It is our view that small beats large most of the time. As always with generalisations there will be some exceptions. The problem large companies face is they de-personalise their customers. Demanding customers can be a nuisance for any company but in a large one it is possible to forget that they pay our salaries. If customers go elsewhere, they take their much valued currency and they may harbour a grudge which they find hard to forget.

Hague senior met his wife-to-be before going to university. They were engaged while he studied and his fiancee worked as a window dresser. This very enjoyable occupation paid a pittance but there was always something left over to put aside for the day they would be married. As both came from Yorkshire, the spirit of saving was in their DNA. An account was opened with the Halifax Building Society and for three years a small sum of money was deposited weekly.

After graduation, the couple married and moved to Manchester where Hague senior took a position as a market researcher with Dunlop Rubber Company. It enabled the couple to increase their weekly savings at the Halifax.

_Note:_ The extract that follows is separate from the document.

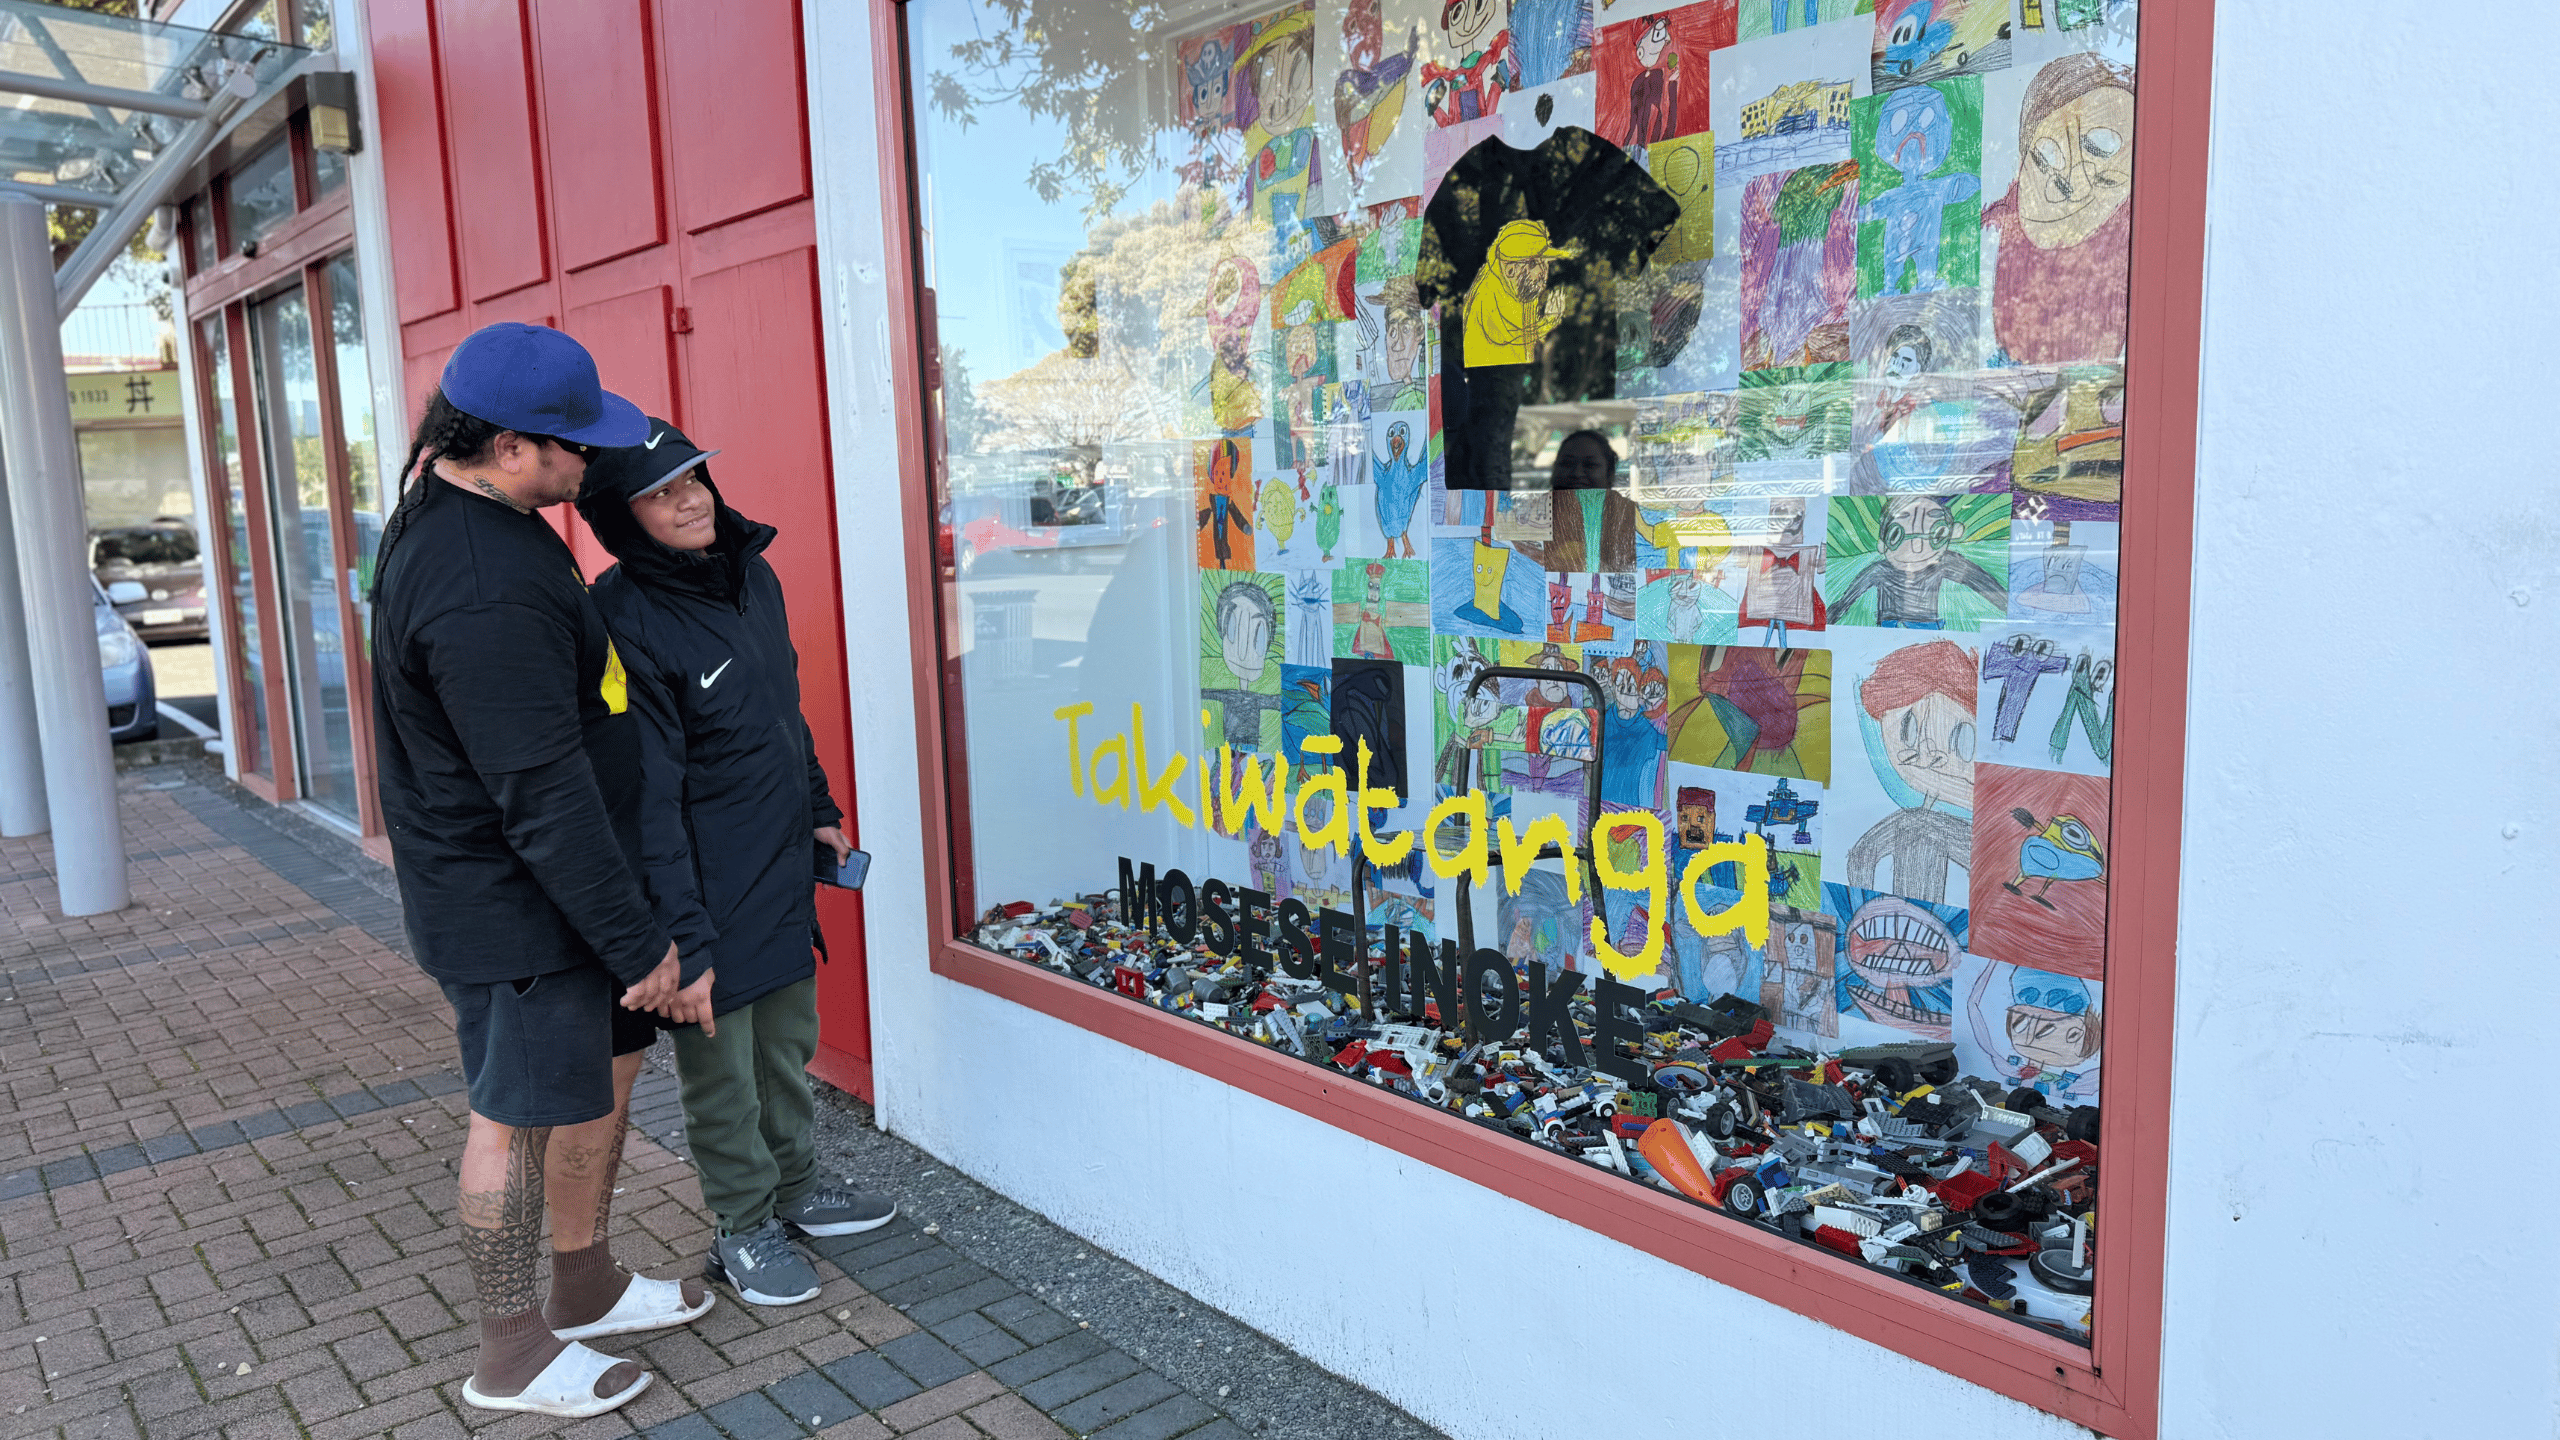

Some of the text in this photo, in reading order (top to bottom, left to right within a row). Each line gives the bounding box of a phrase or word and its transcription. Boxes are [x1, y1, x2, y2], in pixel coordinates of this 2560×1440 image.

[1054, 701, 1769, 979] Takiwātanga
[1117, 855, 1648, 1087] MOSESE INOKE
[737, 1247, 756, 1271] PUMA

Accommodation in the first couple of years of marriage was in a rented apartment. After a number of promotions for Hague senior it was time to buy their own property. Naturally they turned to the Halifax that had received their regular savings over the last six years. Their request for a mortgage was turned down. Fortunately for them the Leek and Westbourne Building Society was happy to provide the mortgage and the couple bought a property. The year was 1971.

Hague senior has not forgotten the bitterness he felt from being turned away by the Halifax. It was a crucial part of their lives and the memories were seared deep. There seemed no logic for the rebuttal. They had saved regularly and for a long time with the company, income had increased significantly and promised to continue to rise. It was as if their regular saving with the company counted for nothing. Their now strong financial circumstances, sufficient to convince the Leek and Westbourne, had been dismissed without discussion by the Halifax. The pain they suffered was never understood or realised by the Halifax. To them they were just a number whose scorecard wasn’t good enough for them to be trusted as borrowers. The Hagues vowed never to do business with the Halifax again.

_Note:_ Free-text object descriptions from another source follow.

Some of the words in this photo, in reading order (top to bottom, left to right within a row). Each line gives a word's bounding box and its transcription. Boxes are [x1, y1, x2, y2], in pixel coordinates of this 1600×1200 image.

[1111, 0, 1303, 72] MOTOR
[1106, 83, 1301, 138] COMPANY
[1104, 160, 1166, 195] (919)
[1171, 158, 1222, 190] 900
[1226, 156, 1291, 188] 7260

The coronavirus has brought to the surface many such stories of poor customer experience from large companies. The other morning, a news item reported on the difficulty travellers were having in obtaining refunds for their airline tickets. A customer recounted problems with British Airways. BA said that refunds for tickets required customers to phone in. However, the phones were answered by a recorded message which eventually dropped the caller. It seemed to the caller that this was a device to dissuade people from seeking their legal entitlement of a refund. What would that caller feel about British Airways in these circumstances? The pain caused by the financial loss and the frustration in seeking a refund would almost certainly create a “Halifax situation”. There is no doubt that British Airways is facing financial problems. So is the customer and as it happens, the customer has legal rights to a refund.

We reported in an earlier blog that British Airways claims that customer experience is really important. So important in fact that 15% of their CEO's annual bonus is based on the company’s Net Promoter Score. We said at the time that a good test of real customer commitment is staying loyal to customers whatever the problems faced by the company. However, customer experience isn’t BA’s forte and a good test, as always, is what a company does in times of crisis. It appears that BA is not prepared to live up to its promise of putting the customer first.

Small companies don’t think of customers as numbers; they know their faces; they know their names. Whereas it is really difficult to find a slot for deliveries by one of the large grocery groups, small companies are bending over backwards to fill the gap. Cafes that can no longer open their doors to customers are turning to home deliveries. Local butchers and greengrocers are taking orders that are delivered the same or next day. Payment is often by card after the delivery has been made. Many of these small businesses will retain customers in the future who had previously bought their meat, vegetables and milk from larger supermarkets.

Yes, in our view small beats large most of the time.

1 Comment

May 05, 2020

Many decades ago the Masterpiece Theatre Host and NYTimes columnist Russell Baker wrote a column entitled, "If this is a service economy, where is the service?" Things have only gotten worse since then.

Much of what you describe is a seemingly inevitable result of scale--a huge enterprise can't possibly "know" its customers the way a small one can. De-personalization accompanies growth, as individuals become "accounts," whose treatment may be determined by in which segment one of our segmentation schemes as placed them.

A parallel can be found internally as companies grow. A company founder knows all his/her employees and their situations. As the enterprise grows, a more rigid hierarchy needs to be established, a professional HR person is hired, metrics…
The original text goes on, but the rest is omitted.